Validating content of Django file uploads

Published September 24, 2019 by Tommy George

There’s an internal tool at my work that accepts small CSV file uploads, that’s built with the Django web framework.

I recently wanted to do some extra validation on the content of those files, during the upload. Specifically so the app could return some more helpful and specific validation error messages, just like any other form field.

Usually, you don’t want to just read entire uploaded files into memory, to start “validating” their content. You can see warnings and workarounds for that in the Django docs, like this one in the description of UploadedFile.read():

Be careful with this method: if the uploaded file is huge it can overwhelm your system if you try to read it into memory. You’ll probably want to use chunks() instead;

For this particular app, that isn’t really a concern.

I didn’t see an obvious example of this, but it turns out you can wire it up just like any other form field validator.

In this case, there’s an extremely simple form with a single File field for uploading the CSV files. Something like this:

# forms.py

from validators import csv_content_validator

class CSVUploadForm(forms.Form):
    csv_file = forms.FileField(
        validators=[csv_content_validator]
    )

And here’s an example of the “validator” that’s imported there, that looks at the CSV file content itself to determine validity:

# validators.py

def csv_content_validator(csv_file):
    csv_file_content = csv_file.read()  # <-- Boom. CSV file content!
    # ...
    # Stuff happens here to verify all our "rows" and "columns"
    # contain exactly what we expect.
    # We add specific messages to a list variable called
    # `validation_error_messages` for anything that isn't correct.
    # This way our validation error message can pinpoint specific
    # rows/columns in the file, so the user knows exactly what
    # needs fixing.
    # ...
    if validation_error_messages:
        raise forms.ValidationError(" ".join(validation_error_messages))
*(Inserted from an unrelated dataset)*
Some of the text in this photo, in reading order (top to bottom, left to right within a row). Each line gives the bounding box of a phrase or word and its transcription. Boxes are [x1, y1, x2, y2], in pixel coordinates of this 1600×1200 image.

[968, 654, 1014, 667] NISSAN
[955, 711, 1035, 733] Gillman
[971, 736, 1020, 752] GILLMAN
As pointed out in the commented section there: As we read through the CSV content, we keep track of specific errors and deliver them all together in a single validation message.

Why build up a list of validation error messages?
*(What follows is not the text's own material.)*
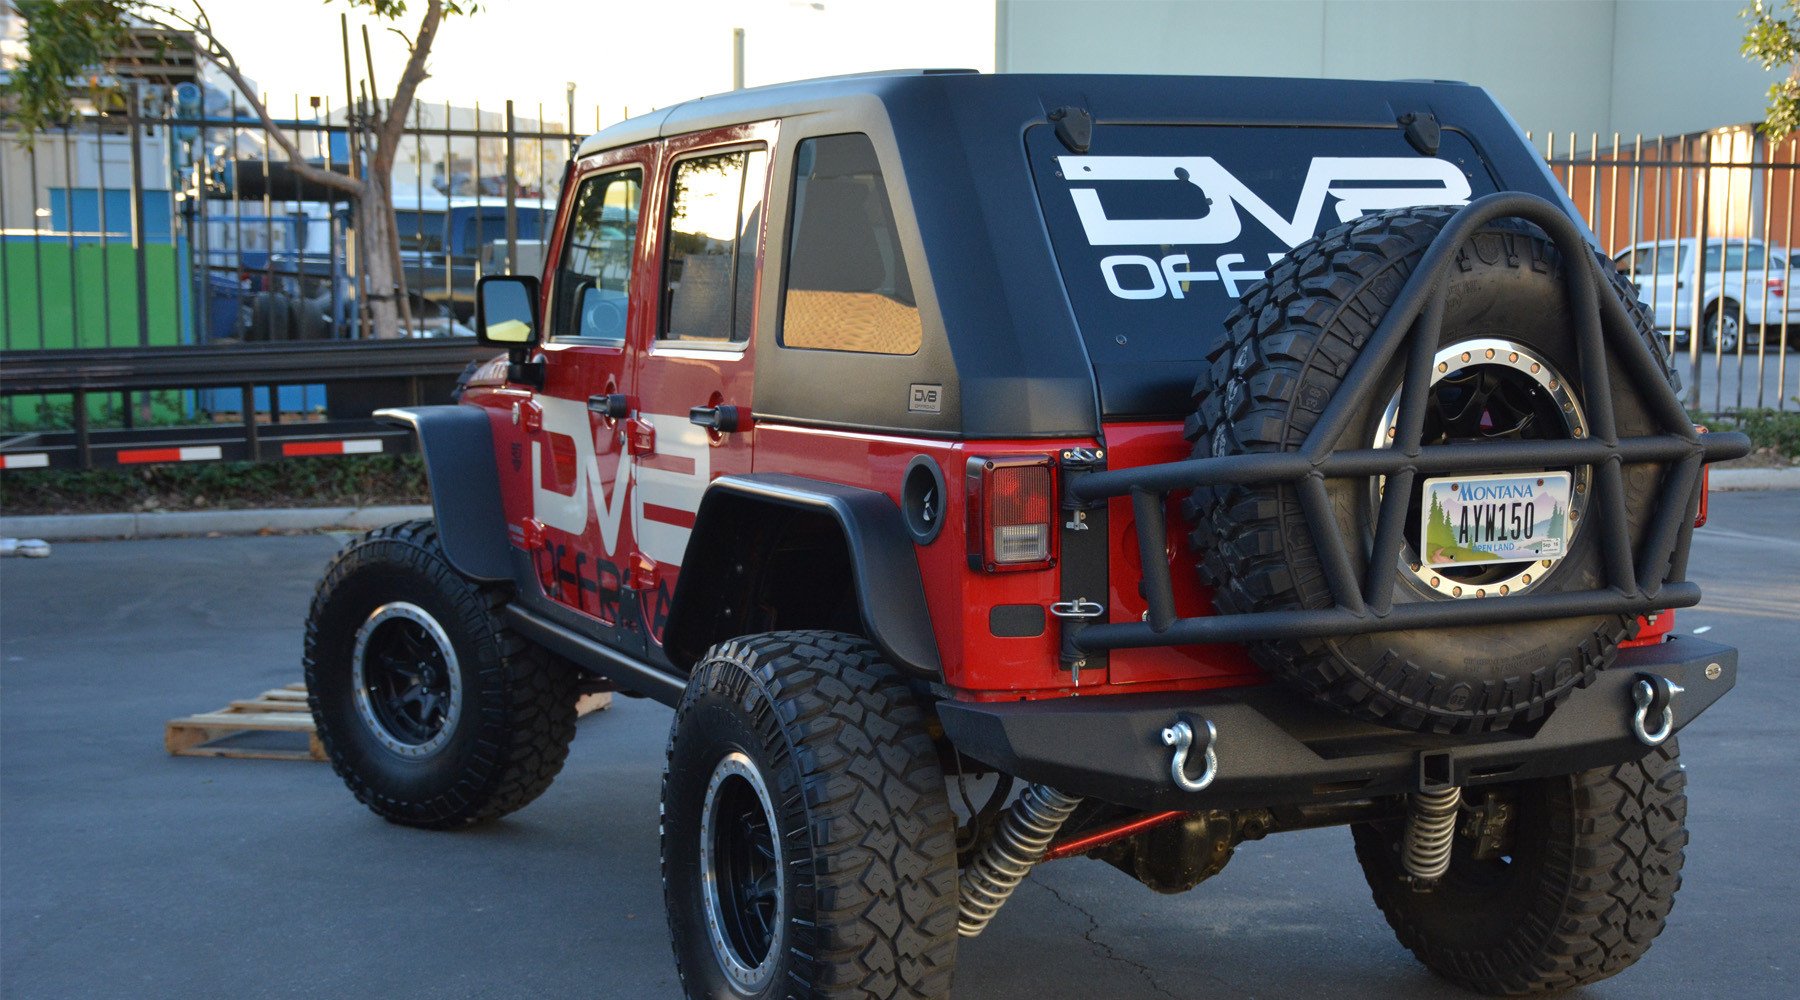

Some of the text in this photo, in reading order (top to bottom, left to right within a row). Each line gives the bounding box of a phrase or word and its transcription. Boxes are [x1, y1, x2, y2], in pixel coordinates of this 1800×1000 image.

[914, 389, 937, 403] DV8
[531, 394, 710, 567] DV8
[1459, 502, 1535, 544] AYW150
[1493, 543, 1515, 552] LAND
Because if we raise an exception for the first one we find, the user will have to go through the cycle of making changes and then re-attempting the file upload before finding out there were more problems. In our case, it’s much more efficient to tell the end-user about all of the problems we can, on the first go around!

Internally, the app actually uses Python’s built in CSV reader to parse through the rows of a StringIO stream from the CSV content.

That’s probably not a good idea for most apps that take file uploads.

In our case it’s a controlled, internal app with just a handful of users. It’s not something that accepts uploads from the public internet.

When would you use this?

This can be used (even safely, with chunks) to validate:

A CSV/TSV file upload contains expected headers,
An image file upload contains a certain header,
A certain line count in a text document
… and so on.

Just don’t forget not to read large files into memory all at once!

Is there a better way to do this? Probably! Tell me about it!